Many investigations are launched because the numbers don’t add up. Time sheets submitted for payment may show a care provider in two different places at the same time, for example. There’s a unit at Health and Human Services that looks for irregularities in Nebraska Medicaid claims. Possible cases are forwarded to the attorney general’s office, which opened 121 fraud investigations in the year that ended in March.

“The methods that we have to investigate these crimes are pretty sophisticated as far as the way claims that they submit are analyzed,” Collins said, “and that’s where we find them. Those turn up as blips on the radar, if you will. Those are the ones who warrant a closer look and we do look. Not only do we look, but the folks at the Department of Health and Human Services who are dedicated to this very job look at this kind of stuff every single day.”
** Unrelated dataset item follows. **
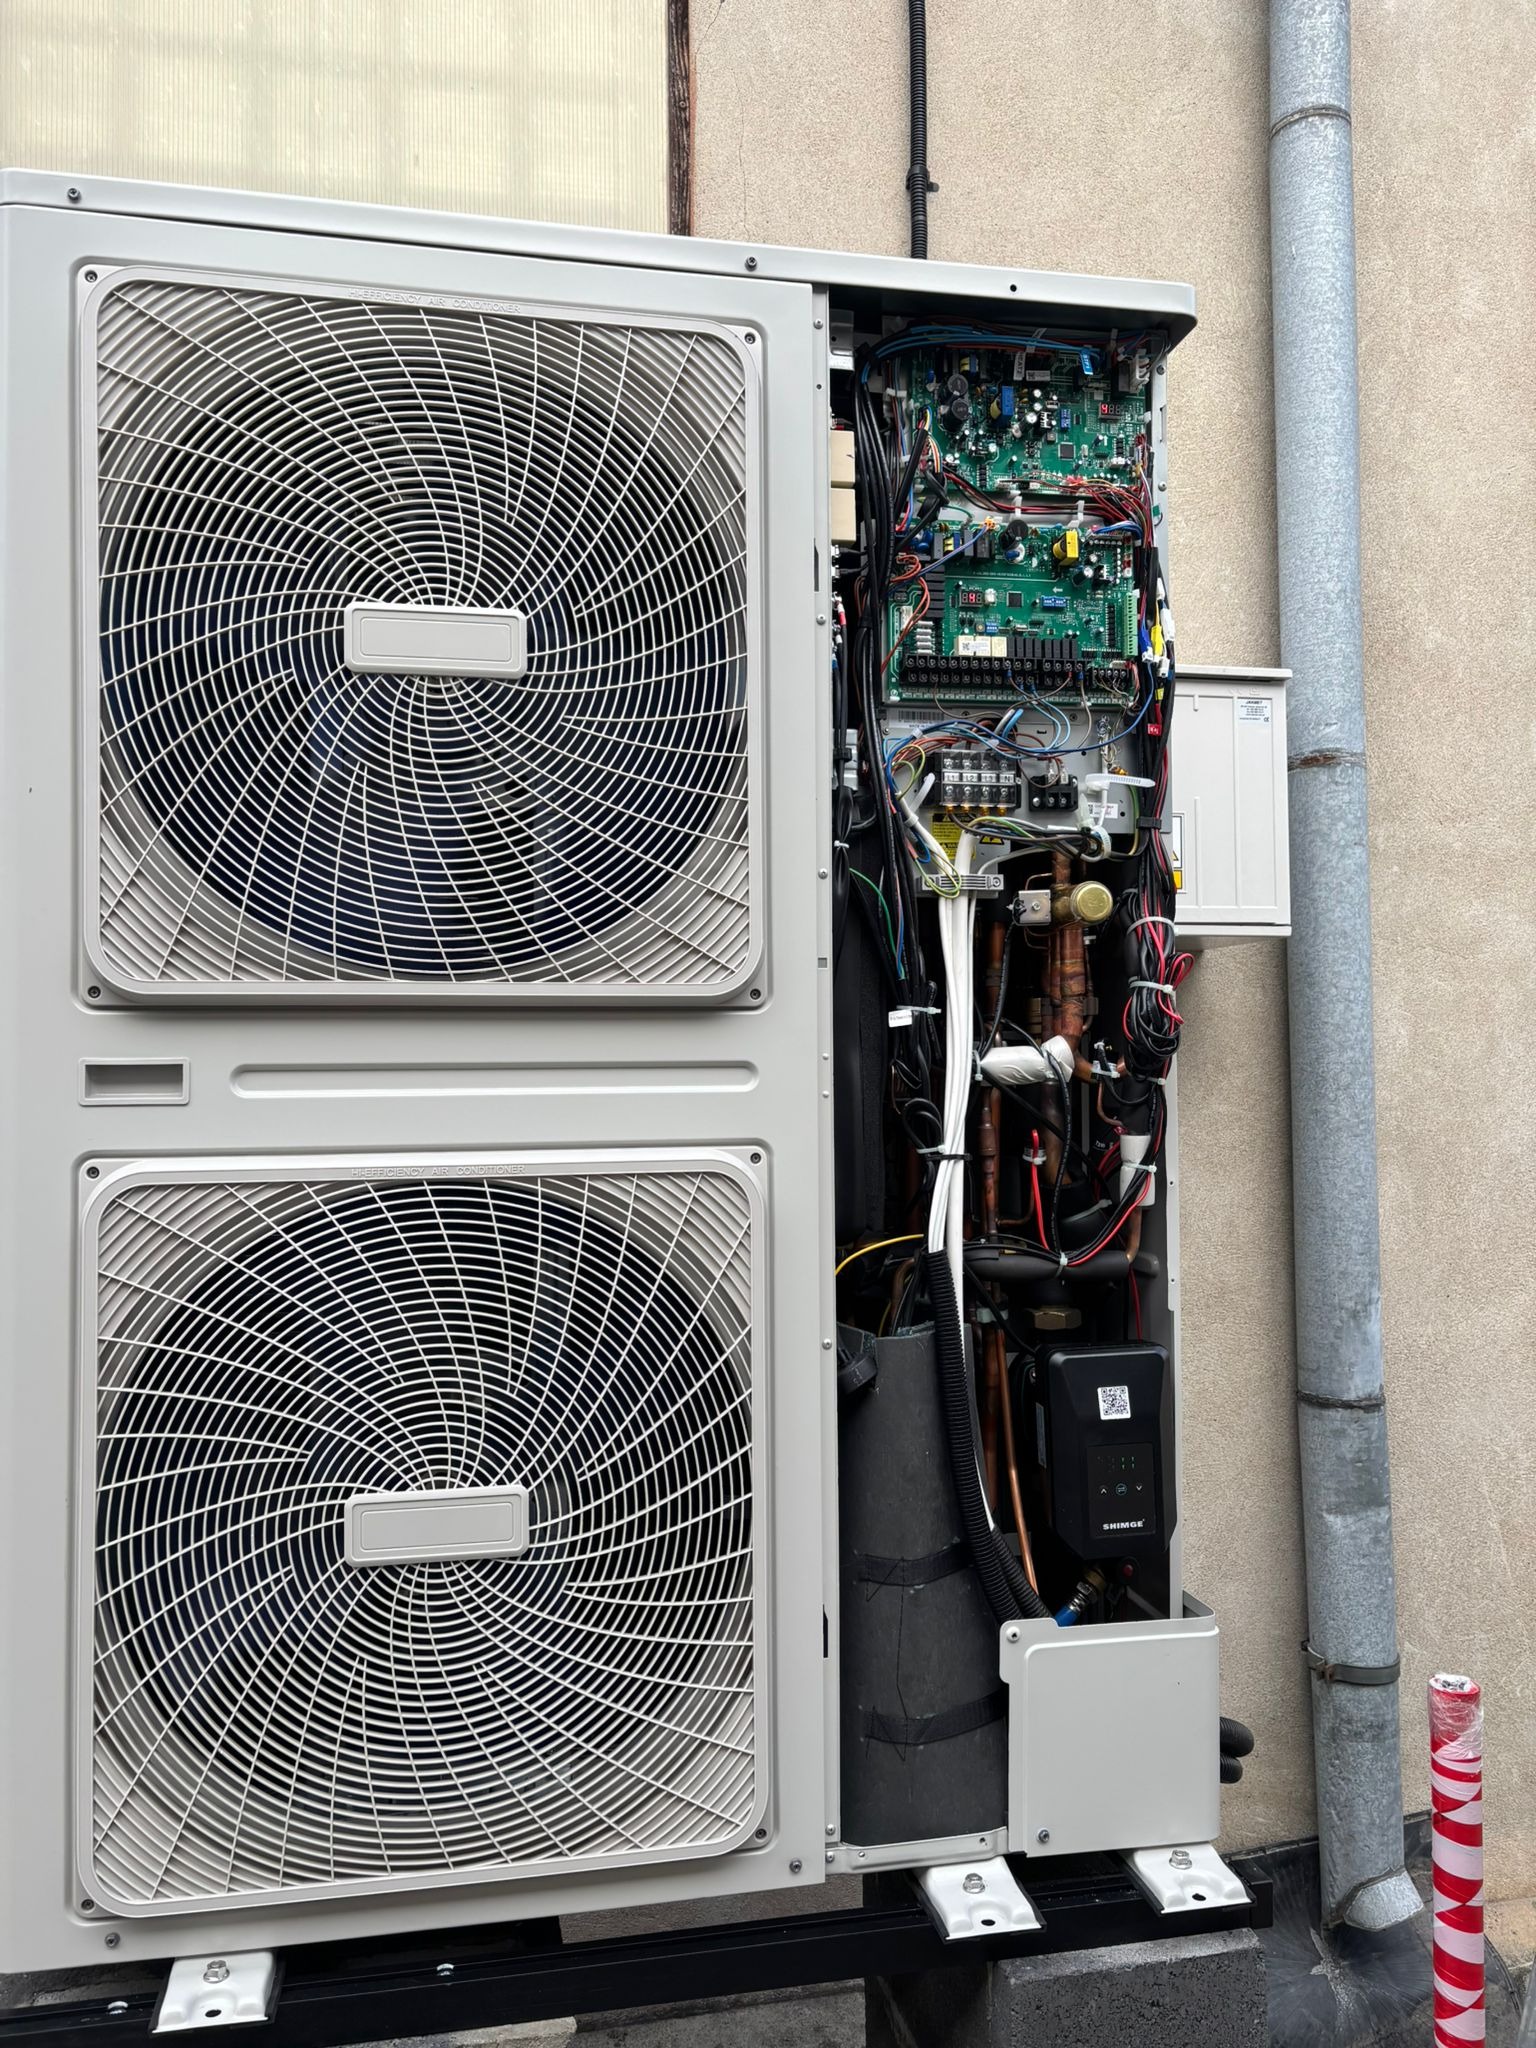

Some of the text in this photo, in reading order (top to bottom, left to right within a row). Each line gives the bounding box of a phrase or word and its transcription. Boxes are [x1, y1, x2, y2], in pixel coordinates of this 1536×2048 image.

Sawicki said there are examples in Nebraska where a patient is harmed by a provider performing unnecessary or unsafe procedures. But most of the time the victim in fraud cases is the entity providing the insurance, a private company or predominantly government programs like Medicare, Medicaid and Tri-Care (for members of the military).

But Collins said everyone is hurt by health care fraud.

“That’s what makes these kind of cases so important is because there’s only so much money that governments can pay out for these services and when you’ve got someone out there who is defrauding the government, by not providing those services to someone, what happens then is not only is that person not getting any service, but the money that’s being paid is money that could have been used to care for another person as well,” Collins said.


Details on how this fraud case unfolded can be found in these Hall County Court transcripts for the four people sentenced:

“The bottom line victim is the member because with the costs of fraud, it’s going to make your insurance premiums go up,” Rainey-Biler said, “and it’s less time that can be spent with your doctor because somebody else is using them for whatever reason. There might be more paperwork because we’re now questioning various things, so you might have to do more paperwork.”

That’s why there are a lot of resources pursuing health care fraud cases in Nebraska. In the Doniphan case, the investigation led to felony charges against three of the people involved and a misdemeanor charge against the other; all four received probation. The caregivers who got paid more than they actually worked were ordered to pay more than $20,000 in restitution.